→ Task: A verbatim copy of the records is required, with all pictures left out.

→ The input:
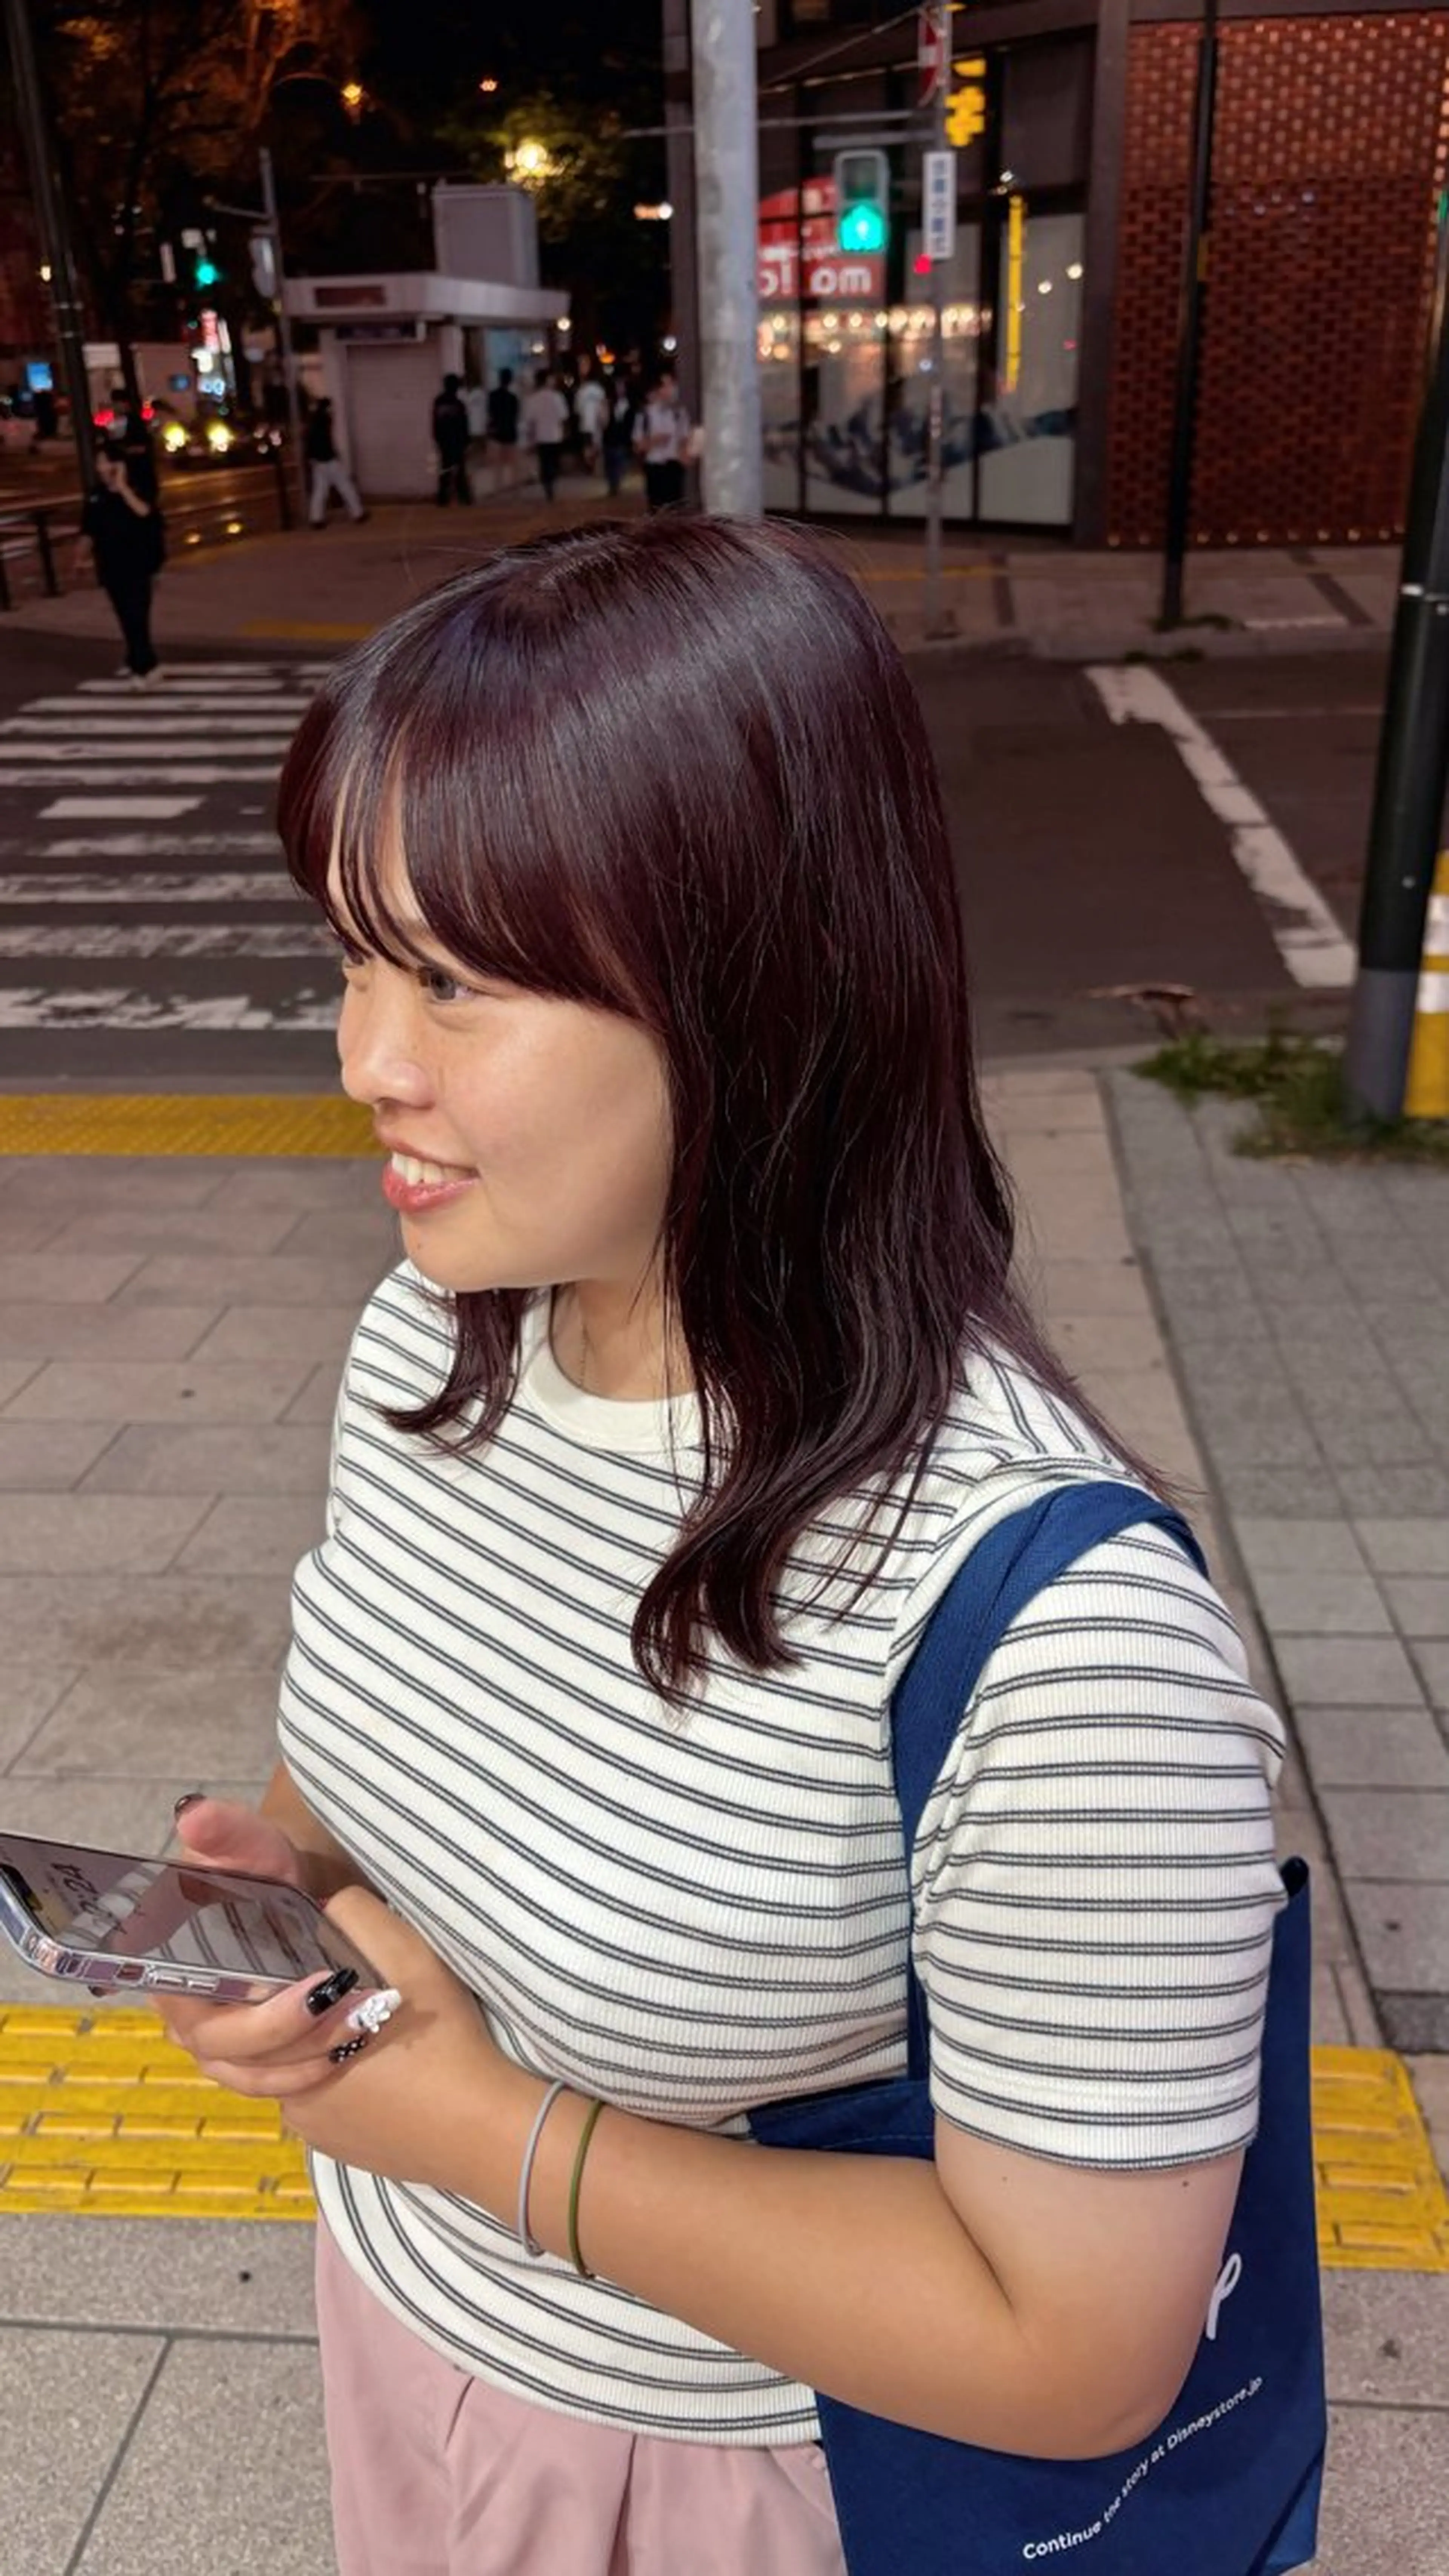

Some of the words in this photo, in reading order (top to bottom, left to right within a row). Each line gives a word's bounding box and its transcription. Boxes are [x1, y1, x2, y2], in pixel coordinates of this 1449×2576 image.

[1022, 2521, 1101, 2559] Continue
[1104, 2496, 1121, 2523] the
[1122, 2459, 1148, 2497] story
[1151, 2445, 1165, 2463] at
[1167, 2377, 1262, 2449] Disneystore.jp

→ Expected answer:
Some of the words in this photo, in reading order (top to bottom, left to right within a row). Each line gives a word's bounding box and its transcription. Boxes are [x1, y1, x2, y2], in pixel coordinates of this 1449×2576 image.

[1022, 2521, 1101, 2559] Continue
[1104, 2496, 1121, 2523] the
[1122, 2459, 1148, 2497] story
[1151, 2445, 1165, 2463] at
[1167, 2377, 1262, 2449] Disneystore.jp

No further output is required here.